* [Assignment] Repeat every record below exactly, leaving out the pictures.

*****

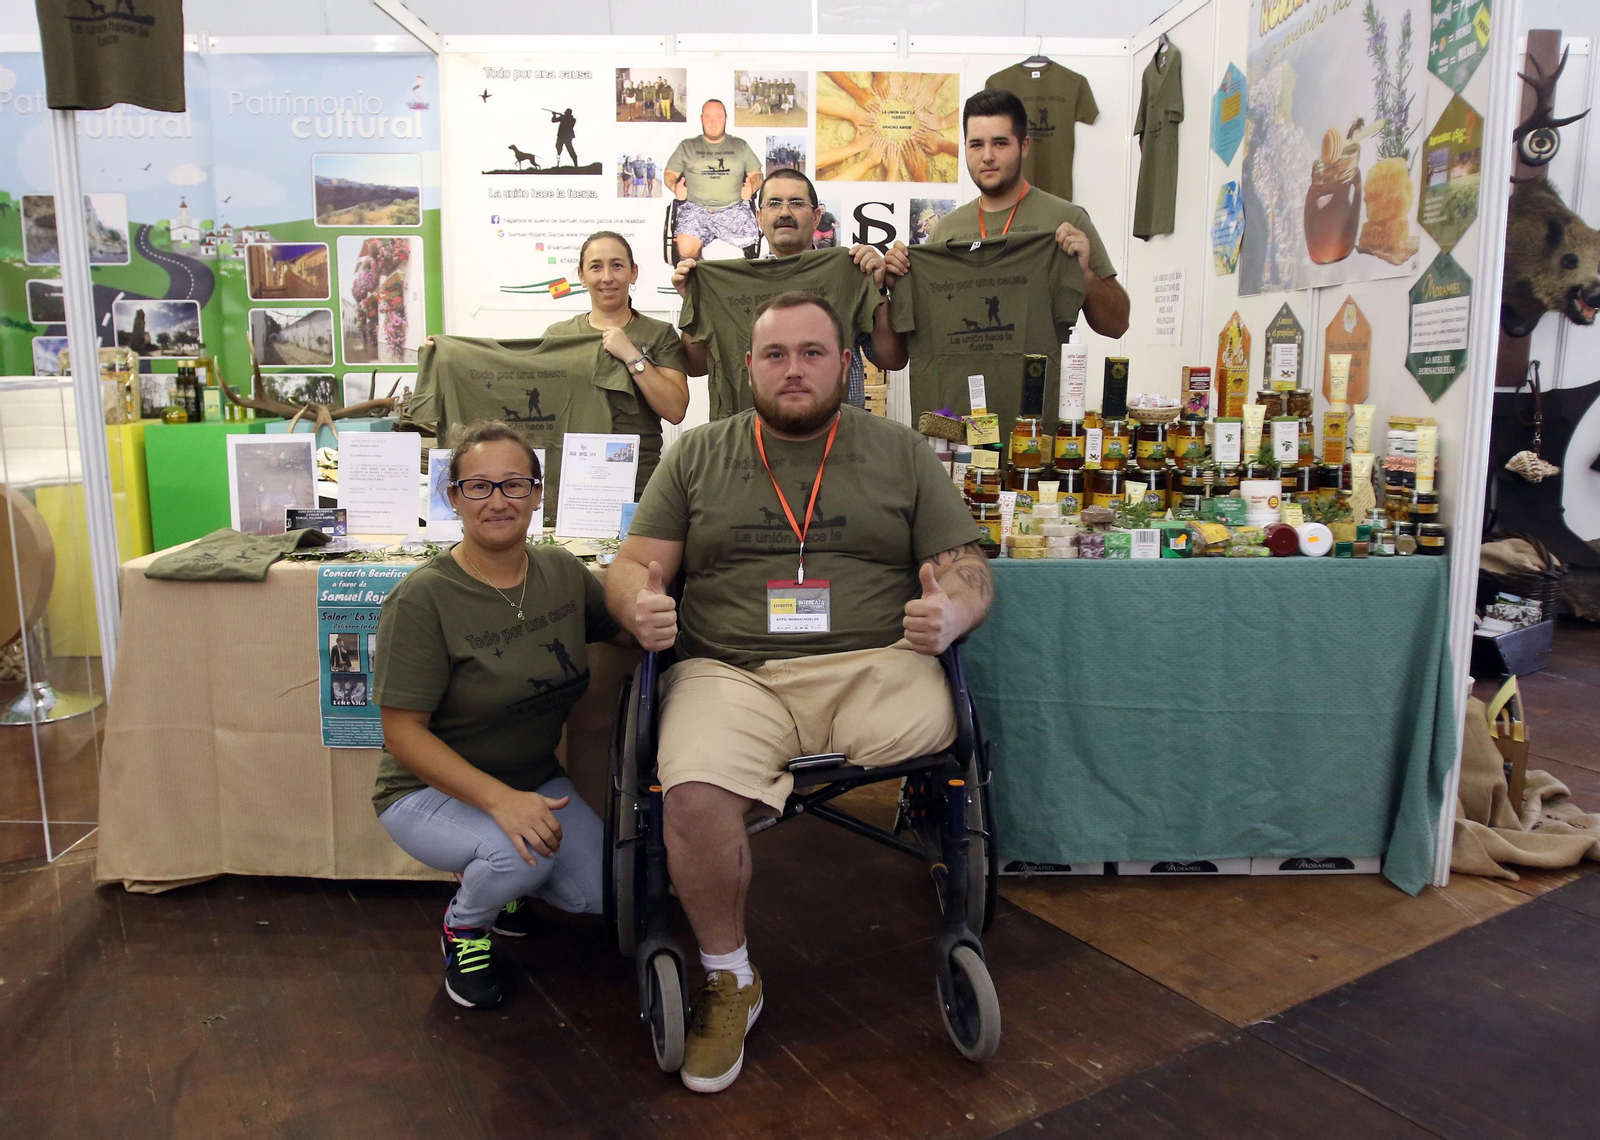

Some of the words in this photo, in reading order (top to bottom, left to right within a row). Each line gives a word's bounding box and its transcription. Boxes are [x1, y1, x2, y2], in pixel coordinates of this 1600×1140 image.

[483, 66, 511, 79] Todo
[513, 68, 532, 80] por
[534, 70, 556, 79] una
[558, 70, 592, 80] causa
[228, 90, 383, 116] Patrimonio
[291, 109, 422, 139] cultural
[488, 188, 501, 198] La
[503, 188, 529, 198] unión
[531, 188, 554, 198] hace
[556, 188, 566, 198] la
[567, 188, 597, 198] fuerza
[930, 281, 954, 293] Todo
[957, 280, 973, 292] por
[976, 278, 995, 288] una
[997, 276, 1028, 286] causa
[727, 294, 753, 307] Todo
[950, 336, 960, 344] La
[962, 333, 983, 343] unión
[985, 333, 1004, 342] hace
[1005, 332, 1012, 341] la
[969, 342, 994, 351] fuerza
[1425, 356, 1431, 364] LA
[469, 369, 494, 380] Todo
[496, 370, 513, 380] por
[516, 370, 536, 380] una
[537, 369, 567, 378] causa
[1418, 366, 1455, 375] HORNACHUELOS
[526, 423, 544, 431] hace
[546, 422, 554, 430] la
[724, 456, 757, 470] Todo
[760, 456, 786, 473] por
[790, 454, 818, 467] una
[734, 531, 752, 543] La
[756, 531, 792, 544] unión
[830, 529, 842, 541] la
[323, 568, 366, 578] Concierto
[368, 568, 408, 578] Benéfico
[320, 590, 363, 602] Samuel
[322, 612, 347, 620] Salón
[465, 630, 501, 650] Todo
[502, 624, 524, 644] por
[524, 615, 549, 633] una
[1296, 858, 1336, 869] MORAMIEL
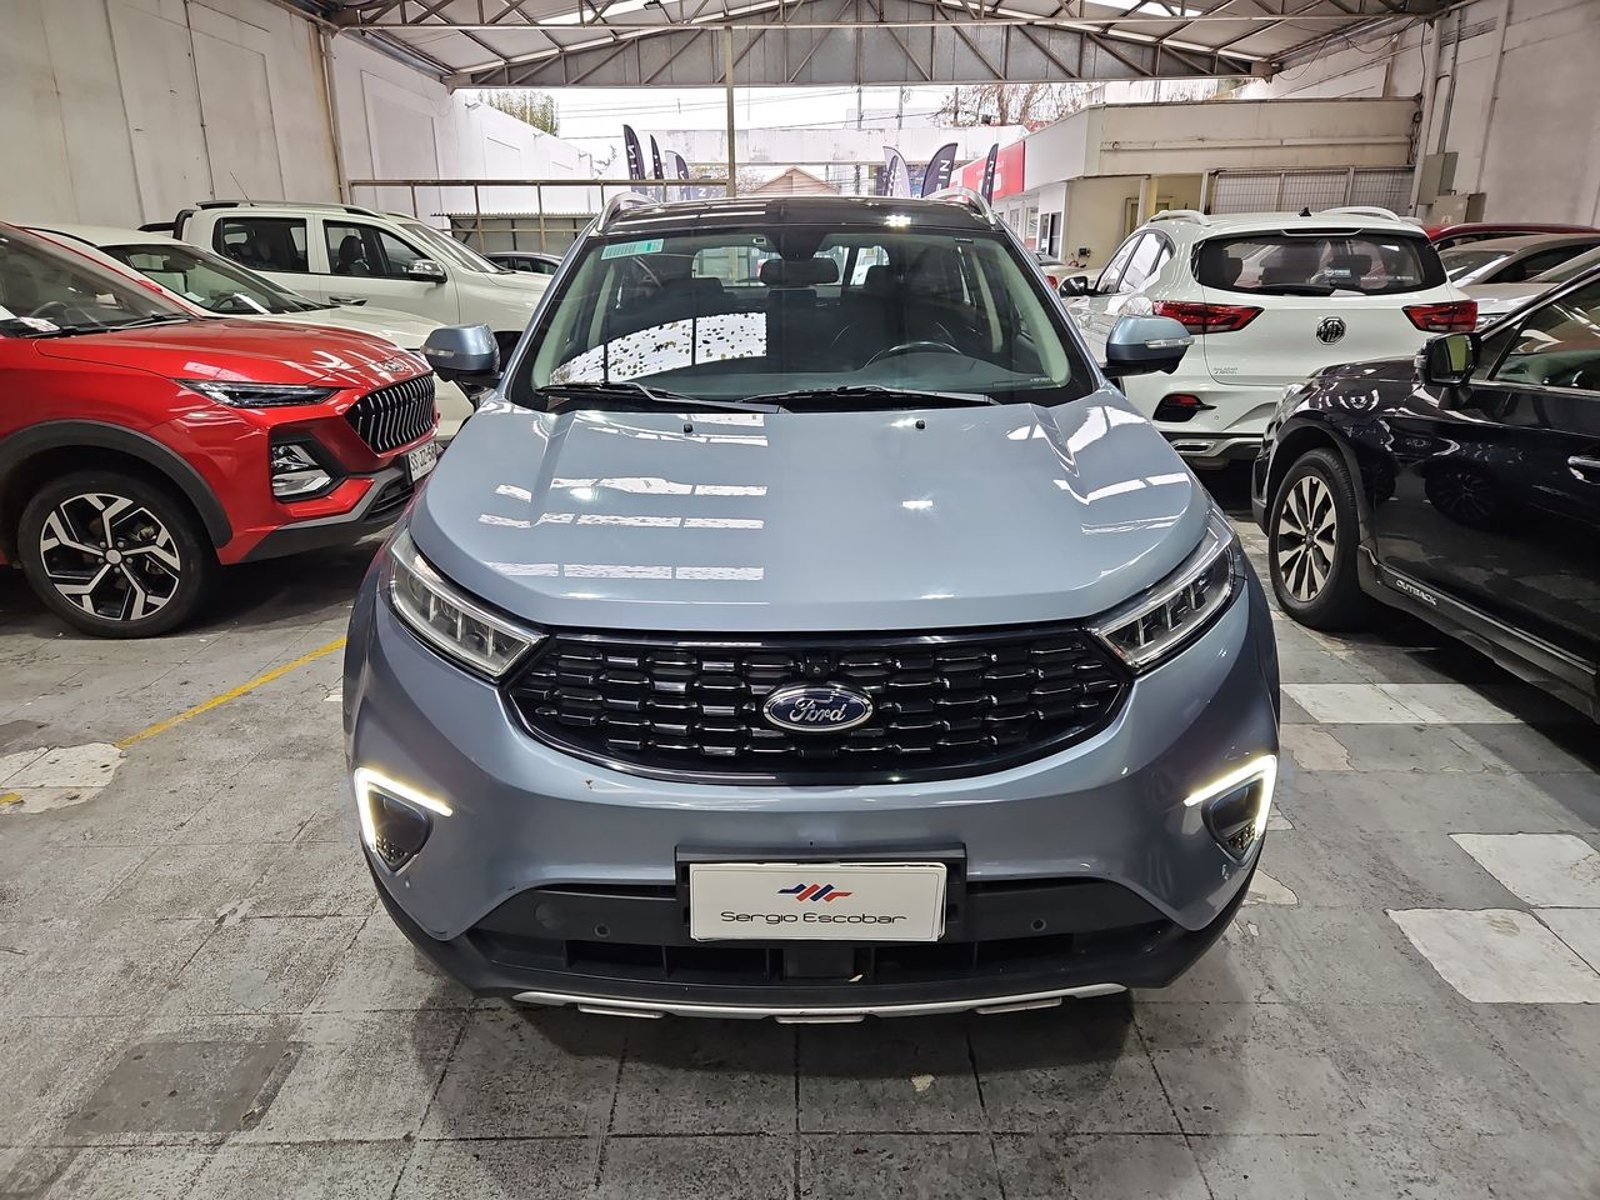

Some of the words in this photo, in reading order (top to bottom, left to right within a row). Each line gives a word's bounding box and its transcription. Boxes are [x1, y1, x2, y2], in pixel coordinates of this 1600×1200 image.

*****

* [Written reply]
Some of the words in this photo, in reading order (top to bottom, left to right within a row). Each line gives a word's bounding box and its transcription. Boxes are [x1, y1, x2, y2], in pixel coordinates of this 1600×1140 image.

[483, 66, 511, 79] Todo
[513, 68, 532, 80] por
[534, 70, 556, 79] una
[558, 70, 592, 80] causa
[228, 90, 383, 116] Patrimonio
[291, 109, 422, 139] cultural
[488, 188, 501, 198] La
[503, 188, 529, 198] unión
[531, 188, 554, 198] hace
[556, 188, 566, 198] la
[567, 188, 597, 198] fuerza
[930, 281, 954, 293] Todo
[957, 280, 973, 292] por
[976, 278, 995, 288] una
[997, 276, 1028, 286] causa
[727, 294, 753, 307] Todo
[950, 336, 960, 344] La
[962, 333, 983, 343] unión
[985, 333, 1004, 342] hace
[1005, 332, 1012, 341] la
[969, 342, 994, 351] fuerza
[1425, 356, 1431, 364] LA
[469, 369, 494, 380] Todo
[496, 370, 513, 380] por
[516, 370, 536, 380] una
[537, 369, 567, 378] causa
[1418, 366, 1455, 375] HORNACHUELOS
[526, 423, 544, 431] hace
[546, 422, 554, 430] la
[724, 456, 757, 470] Todo
[760, 456, 786, 473] por
[790, 454, 818, 467] una
[734, 531, 752, 543] La
[756, 531, 792, 544] unión
[830, 529, 842, 541] la
[323, 568, 366, 578] Concierto
[368, 568, 408, 578] Benéfico
[320, 590, 363, 602] Samuel
[322, 612, 347, 620] Salón
[465, 630, 501, 650] Todo
[502, 624, 524, 644] por
[524, 615, 549, 633] una
[1296, 858, 1336, 869] MORAMIEL

Some of the words in this photo, in reading order (top to bottom, left to right within a row). Each line gives a word's bounding box and its transcription. Boxes are [x1, y1, x2, y2], in pixel coordinates of this 1600×1200 image.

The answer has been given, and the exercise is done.